Encore faut-il que la gastronomie française, forte de son histoire et de ses certitudes, prenne soin de ne pas s’endormir sur ses lauriers. De plus, comme le note le dernier Rapport périodique sur la mise en œuvre de la Convention Unesco publié par la France, « certes, le repas gastronomique des Français est le repas de l’extraordinaire, mais il est concerné par la montée de l’individualisme alimentaire et par une déstructuration des habitudes alimentaires et des repas. » Un appel à la vigilance qui n’empêche pas les rapporteurs de rappeler que « la France reste championne du monde du temps passé à table avec 2h13 par jour. »
« L’inscription a été l’occasion d’une prise de conscience d’être dépositaire d’un patrimoine riche et diversifié mais qui doit rester vivant et continuer à se transformer sans se vider de sa substance, affirmait, en 2020, le directeur de la Mission française du patrimoine et des cultures alimentaires (MFPCA), Pierre Sanner, à l’occasion du dixième anniversaire de l’inscription.* Cela a donné le signal de départ d’une reconquête culturelle qui implique tous les acteurs de l’alimentation, depuis l’agriculteur jusqu’au consommateur ; et les pouvoirs publics ont saisi l’importance des sujets gastronomiques en matière d’emploi, de formation, de développement économique et de rayonnement de la France. »
Des cités dédiées à la gastronomie
« à la française »
Conformément aux engagements qu’implique l’inscription au Patrimoine culturel immatériel de l’Humanité, une série d’initiatives a été déployée sous l’égide de la MFPCA et des ministères en charge de la Culture et de l’Agriculture. La plus emblématique est la création du réseau des Cités de la gastronomie. Inaugurée en 2022 à Dijon, la Cité internationale de la gastronomie et du vin met en valeur les critères du repas gastronomique reconnus par l’Unesco ainsi que les Climats du vignoble de Bourgogne. À Tours, l’Institut européen d’histoire et des cultures de l’alimentation (IEHCA) s’est associé à la maison des cultures gastronomique Villa Rabelais pour se consacrer aux sciences gastronomiques et à la promotion du repas gastronomique. Il a également développé en partenariat avec le Pôle Alimentation de l’Université de Tours un master intitulé « Cultures et patrimoines de l’alimentation ».
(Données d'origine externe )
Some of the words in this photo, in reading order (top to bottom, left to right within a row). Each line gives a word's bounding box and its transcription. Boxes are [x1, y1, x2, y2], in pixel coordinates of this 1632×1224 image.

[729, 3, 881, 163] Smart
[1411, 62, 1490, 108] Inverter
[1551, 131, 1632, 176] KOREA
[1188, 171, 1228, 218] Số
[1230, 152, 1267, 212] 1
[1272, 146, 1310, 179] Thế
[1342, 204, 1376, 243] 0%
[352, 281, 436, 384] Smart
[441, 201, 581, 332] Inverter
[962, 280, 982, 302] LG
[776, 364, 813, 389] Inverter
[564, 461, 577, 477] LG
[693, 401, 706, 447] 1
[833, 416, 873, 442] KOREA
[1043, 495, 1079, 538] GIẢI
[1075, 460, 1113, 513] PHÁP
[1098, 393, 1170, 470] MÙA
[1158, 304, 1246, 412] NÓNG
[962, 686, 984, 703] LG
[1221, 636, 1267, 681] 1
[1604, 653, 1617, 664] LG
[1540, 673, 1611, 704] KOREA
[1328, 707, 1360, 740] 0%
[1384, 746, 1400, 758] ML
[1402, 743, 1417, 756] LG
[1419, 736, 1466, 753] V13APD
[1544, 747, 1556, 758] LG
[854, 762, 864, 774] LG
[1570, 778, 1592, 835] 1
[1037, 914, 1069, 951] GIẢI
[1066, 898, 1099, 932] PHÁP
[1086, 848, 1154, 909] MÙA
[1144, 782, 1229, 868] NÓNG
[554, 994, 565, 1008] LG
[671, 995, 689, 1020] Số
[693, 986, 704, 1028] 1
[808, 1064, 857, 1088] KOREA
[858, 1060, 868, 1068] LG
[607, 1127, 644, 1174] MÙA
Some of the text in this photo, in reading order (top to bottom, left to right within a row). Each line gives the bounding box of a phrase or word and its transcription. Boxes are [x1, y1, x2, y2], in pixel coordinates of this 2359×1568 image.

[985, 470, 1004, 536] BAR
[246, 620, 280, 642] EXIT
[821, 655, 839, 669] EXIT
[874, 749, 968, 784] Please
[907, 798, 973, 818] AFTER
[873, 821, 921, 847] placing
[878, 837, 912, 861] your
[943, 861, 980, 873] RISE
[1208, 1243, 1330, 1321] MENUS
Autre grand site gastronomique, la Métropole de Lyon a souhaité donner à sa Cité internationale de la gastronomie une impulsion pédagogique et culturelle, à travers des colloques, événements et expositions thématiques, tout en mettant l’accent sur le public scolaire. Quatrième pôle, la Cité de la gastronomie Paris-Rungis ouvrira ses portes en 2027 à proximité du Marché d’intérêt national de Rungis, dans un espace de sept hectares dédiés à la gastronomie d’aujourd’hui et de demain. Enfin, la Mission française du patrimoine apporte son soutien à des groupes, organisations et événements qui se consacrent à la sauvegarde du patrimoine gastronomique et au repas partagé, à l’image de la très belle exposition « Paris, capitale de la gastronomie du moyen âge à nos jours », dont Cultures Sucre vous propose ici une visite gourmande. Autant d’encouragements à se mettre à table, ensemble, avec nos rituels et toute l’année... Sans oublier de revenir, entre les repas festifs, à une consommation raisonnée et à une alimentation équilibrée.